SOMOS TODOS CHARLIE.

rubenoppenheimerHá muito não alimento o meu blog. Peço desculpas aos meus ocasionais leitores. Pouco importam as razões (diversas) pelas quais deixei de escrever neste tempo. Mas, ontem, no meio da enorme tristeza que senti pela barbárie cometida contra os humoristas do Charlie Hebdo, senti vontade ou inspiração para retomar esse encontro com leitores que, na sua grande maioria, sequer conheço.

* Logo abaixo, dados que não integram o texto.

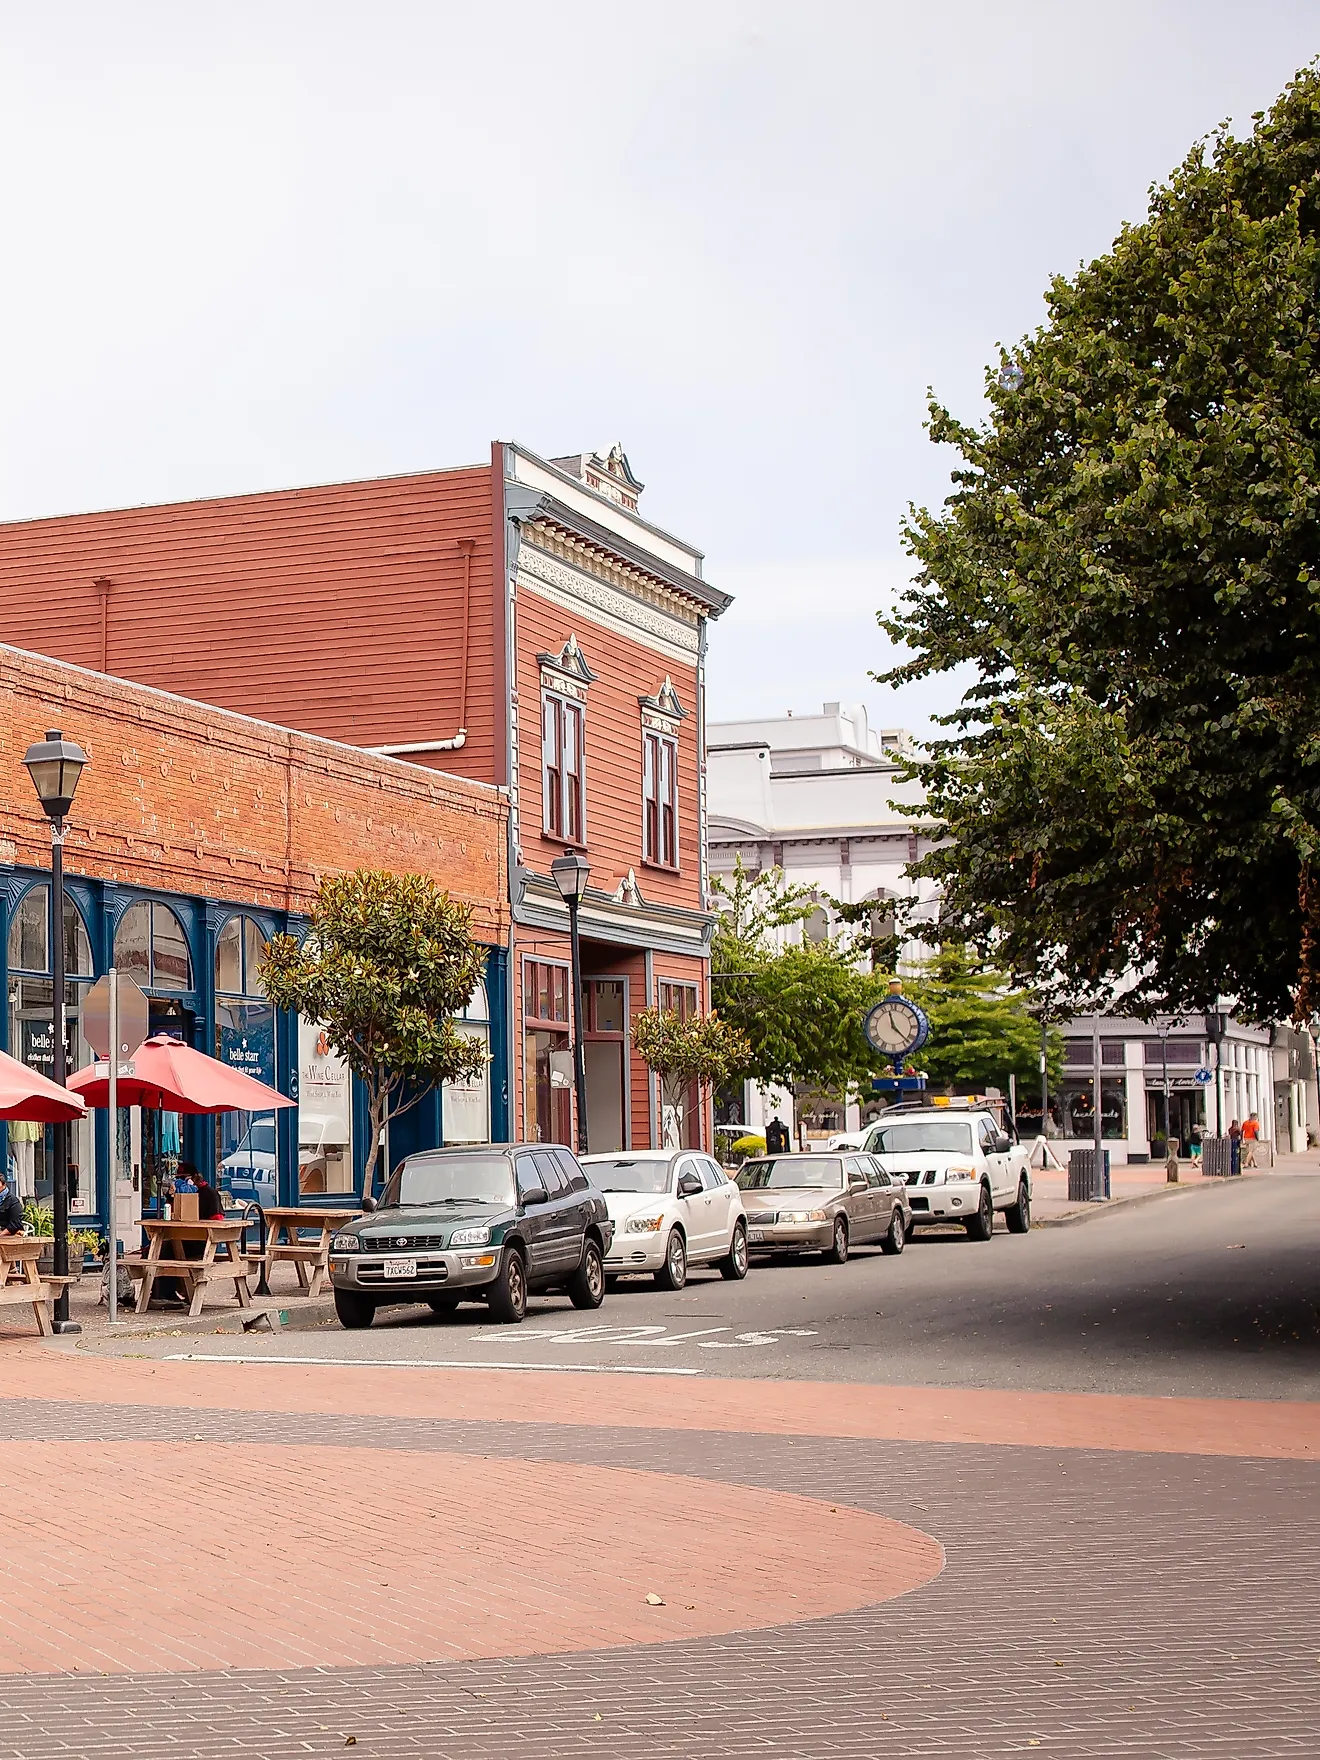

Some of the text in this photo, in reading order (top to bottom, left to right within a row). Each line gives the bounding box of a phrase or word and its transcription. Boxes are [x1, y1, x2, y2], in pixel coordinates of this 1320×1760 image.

[31, 1033, 50, 1048] belle
[230, 1047, 259, 1062] belle starr
[325, 1065, 345, 1081] CELLAR
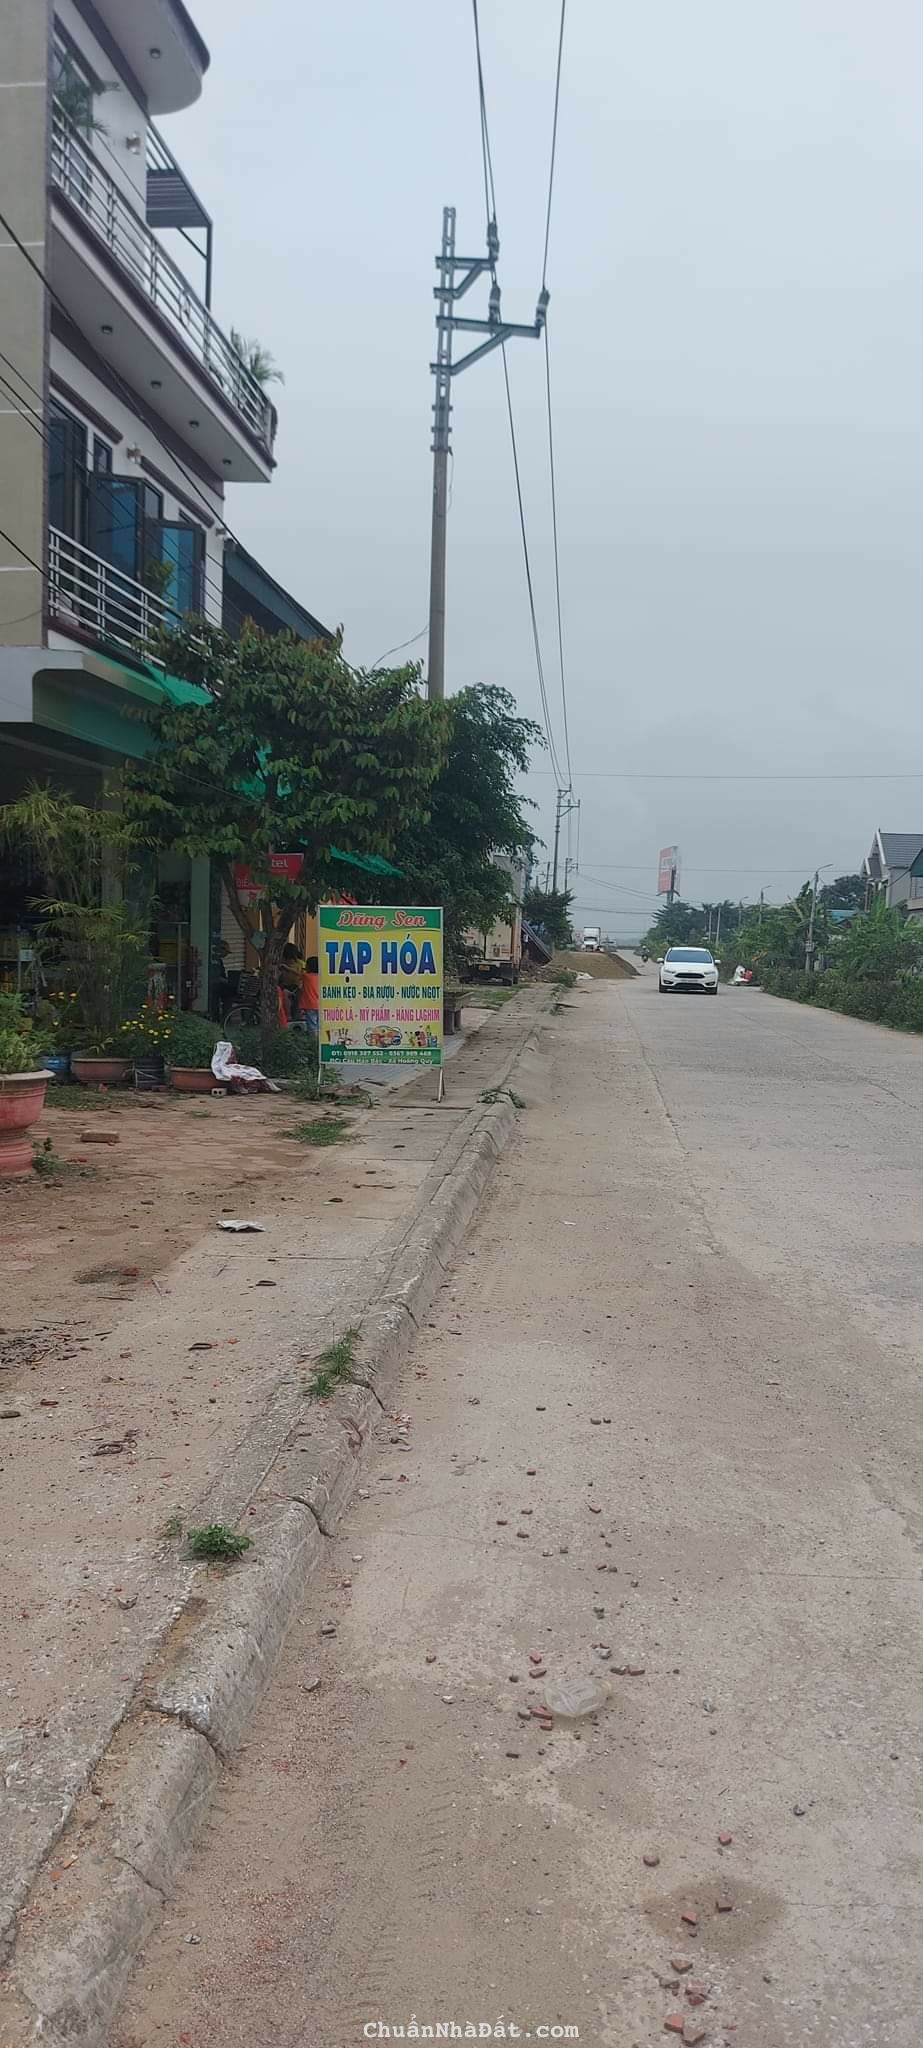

Qual a relação entre um blog escrito por um pediatra e um ataque feito por terroristas fanáticos?  Enquanto eu ainda estava chocado com o tamanho da violência, me ocorreu que estes homens foram, um dia, crianças. Daí me perguntei: o que faz com que uma criança se torne um adulto fanático? É pouco provável que seja uma predisposição genética. Se não é genético, deve ser algo transmitido pela educação, cultura e meio ambiente. Foi essa associação que me estimulou a escrever, manifestando toda minha tristeza e choque, com o pensamento voltado à prevenção da intolerância. Foi o modo que encontrei de, ao meu modo, homenagear os que tiveram a sua vida violentamente interrompida só porque pensavam de um modo diferente de outros homens. Portanto, meu post de hoje é sobre a prevenção da intolerância ou o respeito à individualidade, diferença e liberdade de expressão.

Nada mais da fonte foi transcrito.